I know, I know, candy isn’t technically real food. But I made these caramels because I wanted to share how easy it is to make a homemade treat that everyone will enjoy during this merry holiday season without the use of corn syrup (or HFCS). And, besides, these are meant to be treats, so obviously I’m not encouraging you to eat an obscene amount of these in a day/hour/minute.
I just can’t believe I didn’t totally botch these caramels. I mean, I was working against all odds. How was I, the 15-year-old girl I am, supposed to stir/whisk caramel, watch a candy thermometer, make sure the caramel doesn’t burn to death, make sure I don’t get burned, AND read a book all at the same time?!?!
What? Sounds like mission impossible I know. But I did it.
So let’s talk about the ingredients in these luscious caramels: butter, honey, heavy cream, brown sugar, vanilla extract, and sea salt.
You aren’t going to find an ingredients list that short in the candy aisle, that’s for sure! When I was looking for recipes, I found a couple that looked promising, but only one had the creamy, chewy characteristics I was after.
I was REALLY surprised at how easy these salted honey caramels were to make. I mean, all I really had to do was toss a couple of ingredients in a large saucepan, stir, bring it to 250 degrees F (121 degrees C), pour it in a pan, and pop that sucker in the fridge.
Then you just take them out, remove the block of caramels from the pan, and cut it into neat little squares (or rectangles if you want to wrap them). Lastly, you sprinkle them with a little bit of coarse sea salt and voila!
These homemade caramels make the perfect gift. One batch makes about 80 caramels, so there’s plenty to share, freeze for later in the year (yes, you can freeze them), and, of course, for you to enjoy.
Here’s the recipe:
- ½ cup (1 stick) salted butter, cut into slices
- 1 cup (340 g) pure honey
- 1 cup (240 g) heavy cream
- ½ cup (100 g) brown sugar
- ½ teaspoon vanilla extract
- coarse sea salt, for sprinkling
- Spray an 8x8 inch baking dish with cooking spray.
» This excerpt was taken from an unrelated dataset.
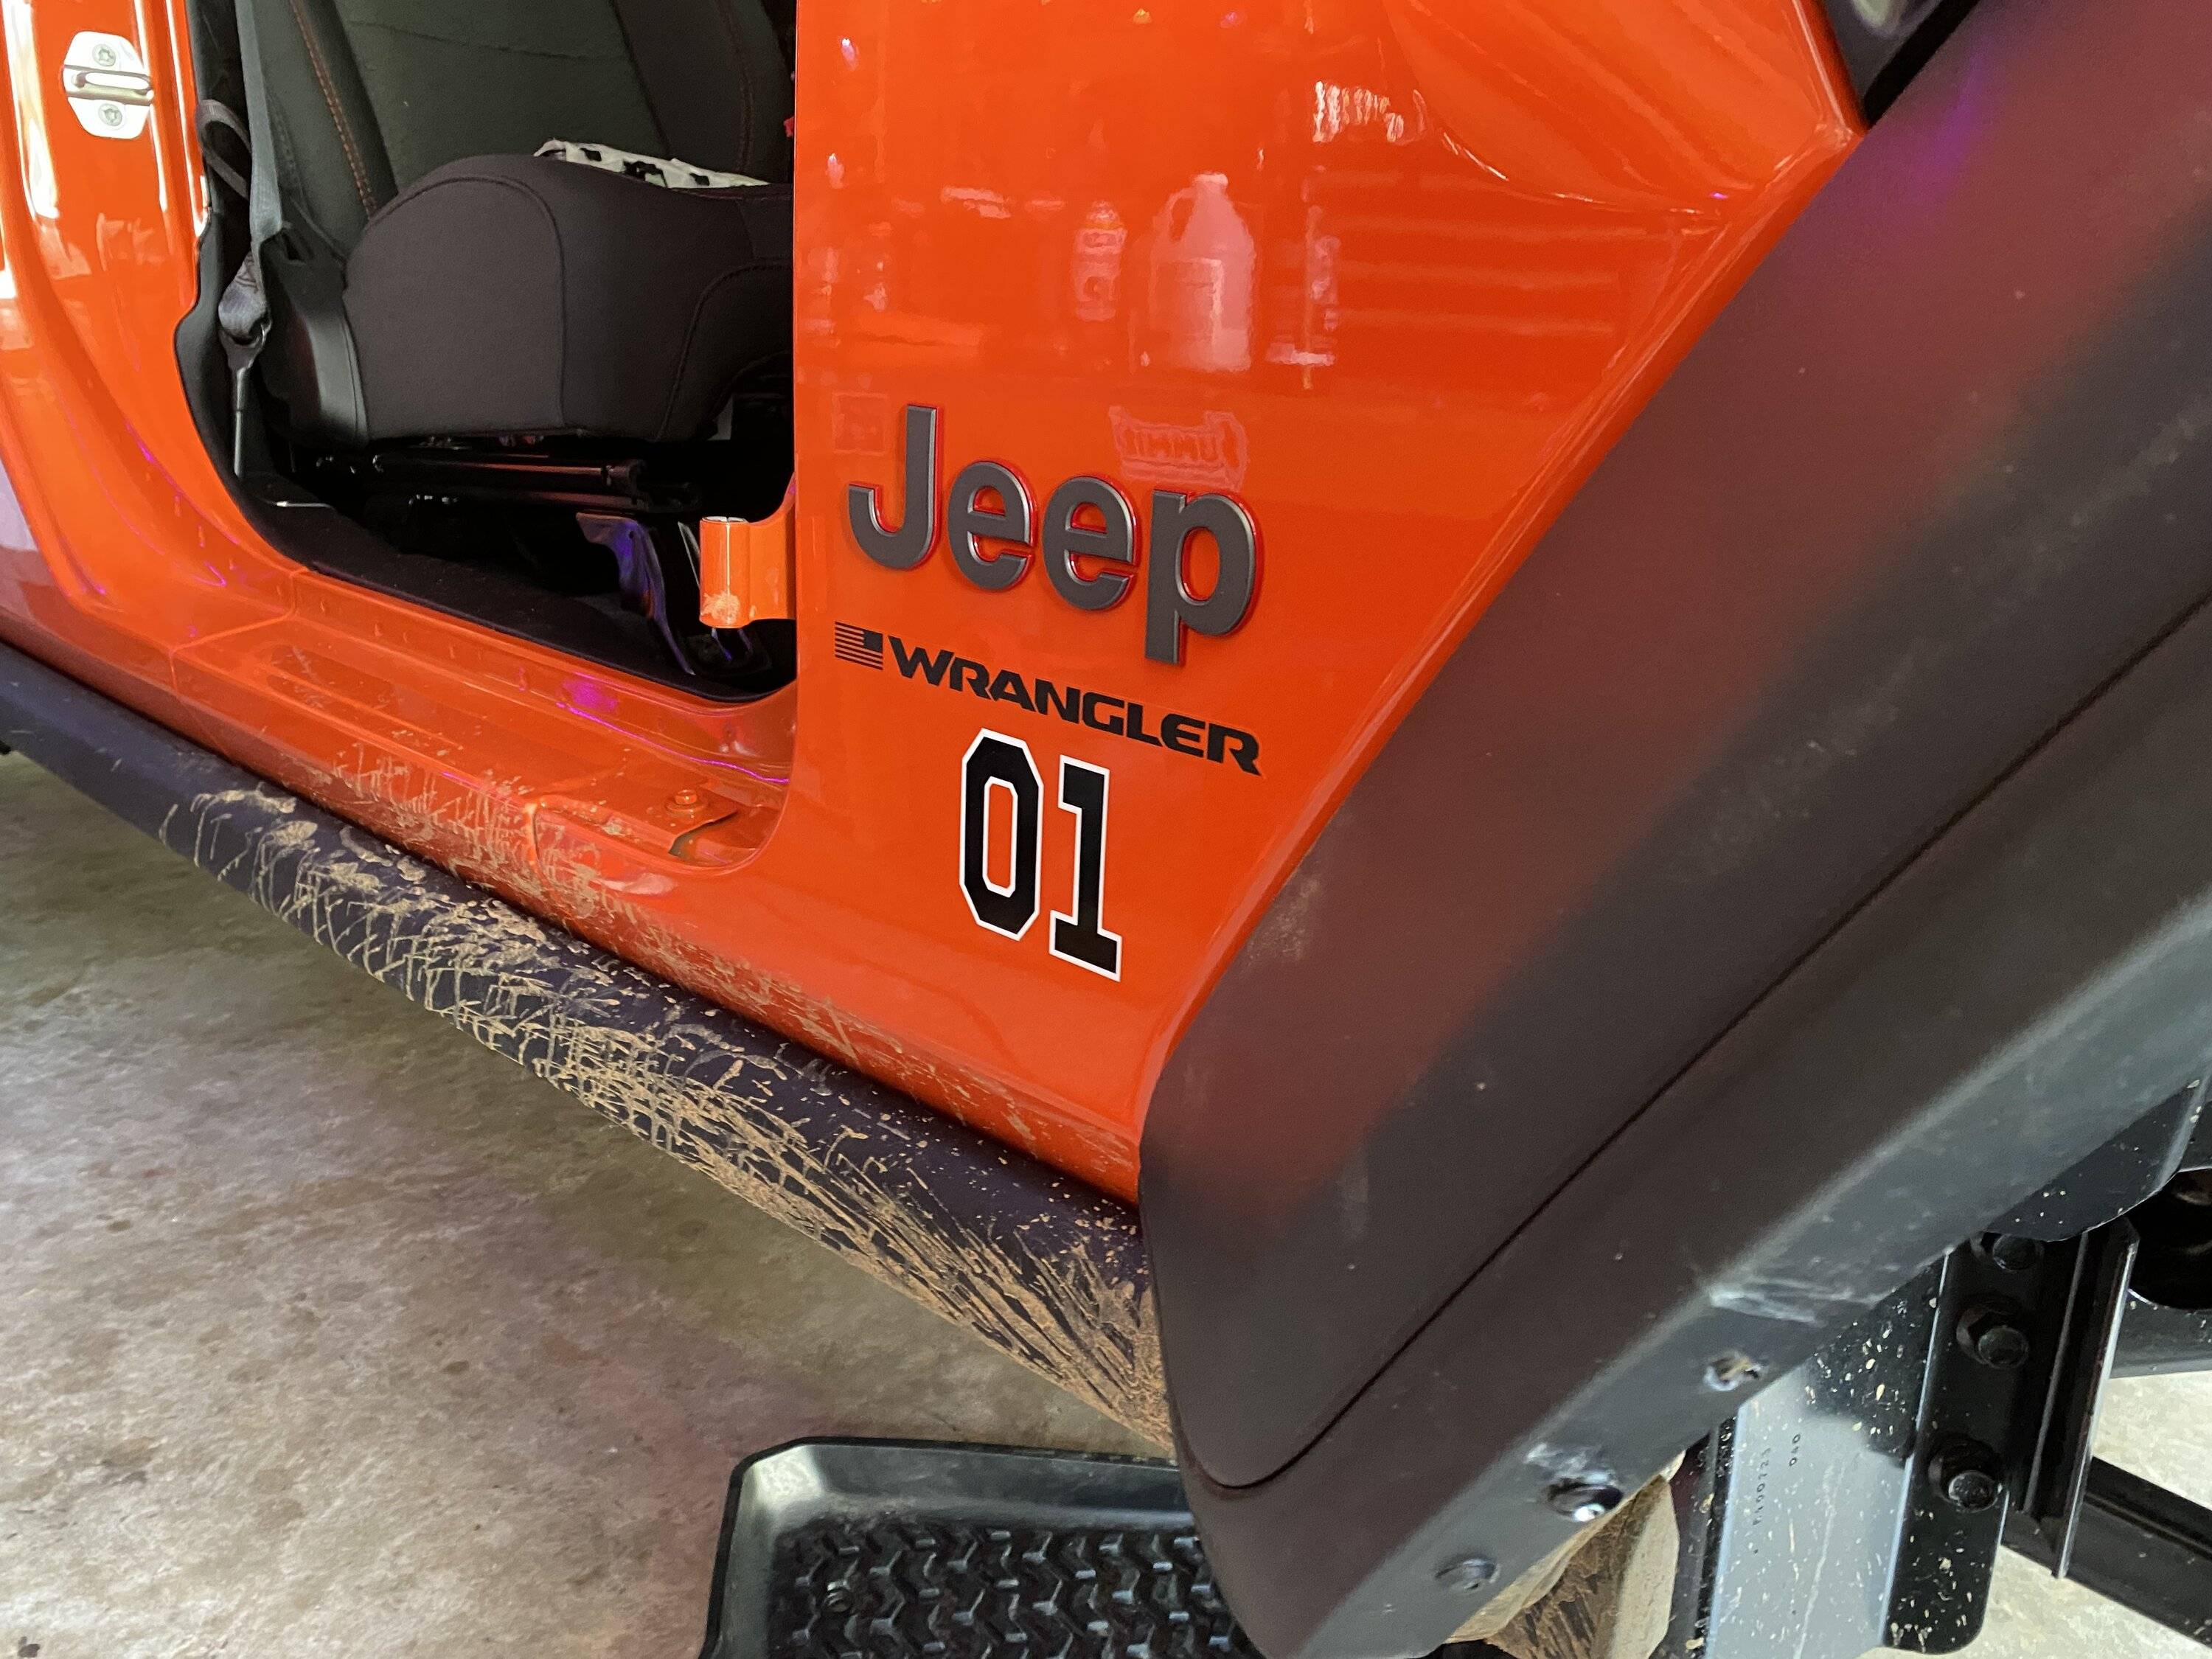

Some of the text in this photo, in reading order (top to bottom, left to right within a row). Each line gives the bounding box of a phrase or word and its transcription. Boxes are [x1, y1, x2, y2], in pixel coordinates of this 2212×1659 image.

[849, 404, 1262, 665] Jeep
[887, 636, 1262, 775] WRANGLER
[960, 728, 1121, 981] 01
Place parchment paper into the pan and spray with cooking spray.
- In a large saucepan or medium stock pot over medium heat, melt the butter. Add in the honey, heavy cream, and brown sugar and whisk to combine. Attach a candy thermometer to the side of the pan, making sure the tip of the thermometer isn't touching the bottom of the pan. This will ensure an accurate reading.
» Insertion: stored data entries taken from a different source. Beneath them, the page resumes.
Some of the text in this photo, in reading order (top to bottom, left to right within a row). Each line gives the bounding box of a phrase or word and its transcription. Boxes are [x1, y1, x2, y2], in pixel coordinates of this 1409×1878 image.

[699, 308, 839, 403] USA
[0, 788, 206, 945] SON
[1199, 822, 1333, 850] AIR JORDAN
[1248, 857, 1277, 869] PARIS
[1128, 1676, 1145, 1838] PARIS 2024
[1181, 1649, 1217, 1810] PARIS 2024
- Once the mixture is bubbling, reduce the heat just a tad and let simmer for 20-30 minutes, whisking constantly, until the mixture reaches a temperature of 250 degrees F (121 degrees C).
- Remove the pan from heat and add in the vanilla extract. Whisk to combine.
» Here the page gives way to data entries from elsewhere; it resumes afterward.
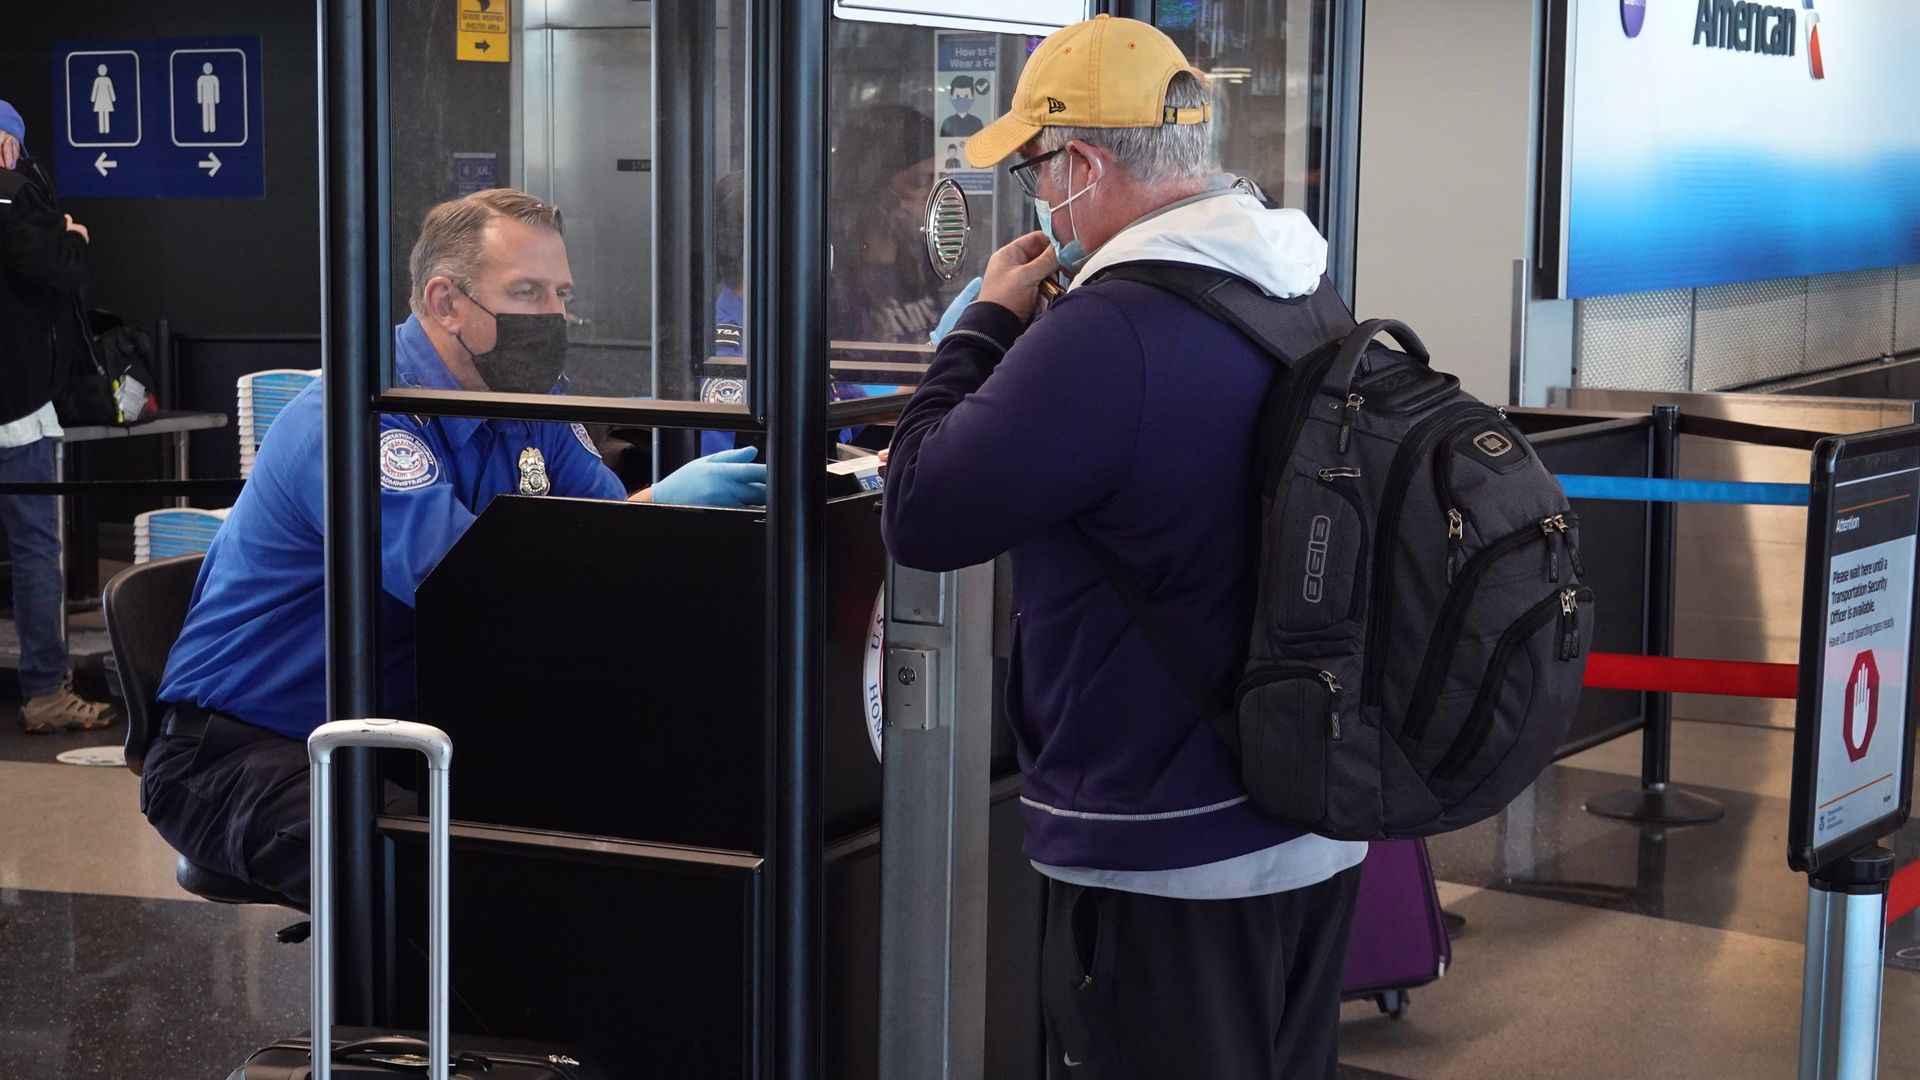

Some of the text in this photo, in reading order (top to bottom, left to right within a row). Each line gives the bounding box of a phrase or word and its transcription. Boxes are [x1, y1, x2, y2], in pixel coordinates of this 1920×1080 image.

[1693, 0, 1795, 57] American
[955, 48, 976, 57] How
[977, 47, 987, 57] to
[950, 58, 974, 68] Wear
[975, 60, 982, 68] a
[716, 328, 741, 337] TSA
[1836, 515, 1860, 534] Attention
[1303, 514, 1331, 603] OGIO
[1832, 569, 1849, 585] Please
[1849, 563, 1861, 580] wait
[1861, 562, 1872, 577] here
[1872, 557, 1884, 573] until
[1831, 576, 1888, 604] Transportation Security
[1830, 608, 1847, 625] Officer
[1847, 606, 1852, 619] is
- Pour the caramel into the prepared pan and place in the refrigerator for 3-4 hours, or until caramel has set.
- Remove the pan from the fridge and take the caramel out of the pan. Place on a cutting board and cut into neat little squares (or rectangles if you want to wrap them in wax paper). Place the caramels in containers between layers of parchment paper to store. You can also freeze these caramels.